Глава 18. Чужое забрать – как свое найти

В приемной кремлевского кабинета Берии минут сорок как дожидался аудиенции Арсений Григорьевич Зверев – министр финансов, занимавший свой пост с 38 года. С Берией они дружили семьями, хотя Сталин доверял Звереву, как человеку независимому от внутриполитических интриг.

Они зашли в кабинет, куда принесли чай с лимоном и запечатанную бутылку армянского коньяка.

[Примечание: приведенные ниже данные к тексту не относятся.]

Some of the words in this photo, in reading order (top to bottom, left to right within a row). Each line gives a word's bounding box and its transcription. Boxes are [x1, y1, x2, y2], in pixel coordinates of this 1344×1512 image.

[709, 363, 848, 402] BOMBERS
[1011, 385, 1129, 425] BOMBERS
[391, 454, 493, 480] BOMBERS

– Арсений, я тебя всегда считал своим другом и поэтому вправе рассчитывать на понимание.

– Конечно, Лаврентий, – выдавил Зверев, медленно качнув головой, догадываясь, что его пытаются вовлечь в непредсказуемую интригу, чего прежде ему удавалось ловко избегать.

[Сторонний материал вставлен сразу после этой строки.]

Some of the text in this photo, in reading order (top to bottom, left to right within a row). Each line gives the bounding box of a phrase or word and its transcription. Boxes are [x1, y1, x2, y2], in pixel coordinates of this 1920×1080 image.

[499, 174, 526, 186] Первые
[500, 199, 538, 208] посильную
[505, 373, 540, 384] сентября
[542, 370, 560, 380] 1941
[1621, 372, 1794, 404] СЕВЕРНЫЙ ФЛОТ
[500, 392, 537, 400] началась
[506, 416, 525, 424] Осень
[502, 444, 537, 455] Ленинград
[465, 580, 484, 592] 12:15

– Мы всегда боролись с врагами партии и народа. – Берия нарочито надавил на «мы». – Но вырезанная опухоль измены и ненависти к нашему социалистическому строю и товарищу Сталину каждый раз оставляла метастазы, из которых разрастались новые заговоры и предательства. В этот раз врагам через агентов сионизма, внедренных в органы государственной безопасности, удалось слишком близко подобраться к вождю. Сначала Щербаков, потом Жданов, следующим могло случиться подлое убийство Хозяина.

Зверев хотел что-то уточнить, но, сочтя это неуместным, молча плеснул себе коньяку.

– Да, Арсений, все так! – уловив непрозвучавший вопрос, отвечал Берия. – Все агенты ЕАК уже дали признательные показания, бывшие сотрудники МГБ пока упорствуют. Но это лишь пока. Мы это понимаем, но это понимают и враги, которые остались на свободе и вряд ли будут бездействовать, – Лаврентий Павлович придавил дольку лимона в стакане, отловил ее ложечкой, выложил на хрустальную розетку и, как могло показаться Звереву, залюбовался случившимся натюрмортом, однако пить чай не стал. – Согласись, что покушение на Сталина невозможно без внедрения агентов в его ближайшее окружение.

Зверев сложил на груди руки, давая понять, что добавить нечего, но ему совершенно непонятно, какое отношение министр финансов может иметь к разоблачениям вражеских агентов.

– Из свиты Хозяина, – маршал заметил, как Зверев заерзал на стуле. Слово «свита» бросала тень пренебрежения на вождя. – Из его окружения не взяли никого.

– Почему? – наконец выжал из себя Арсений Григорьевич, посчитав, что затягивать молчание долее крайне неприлично.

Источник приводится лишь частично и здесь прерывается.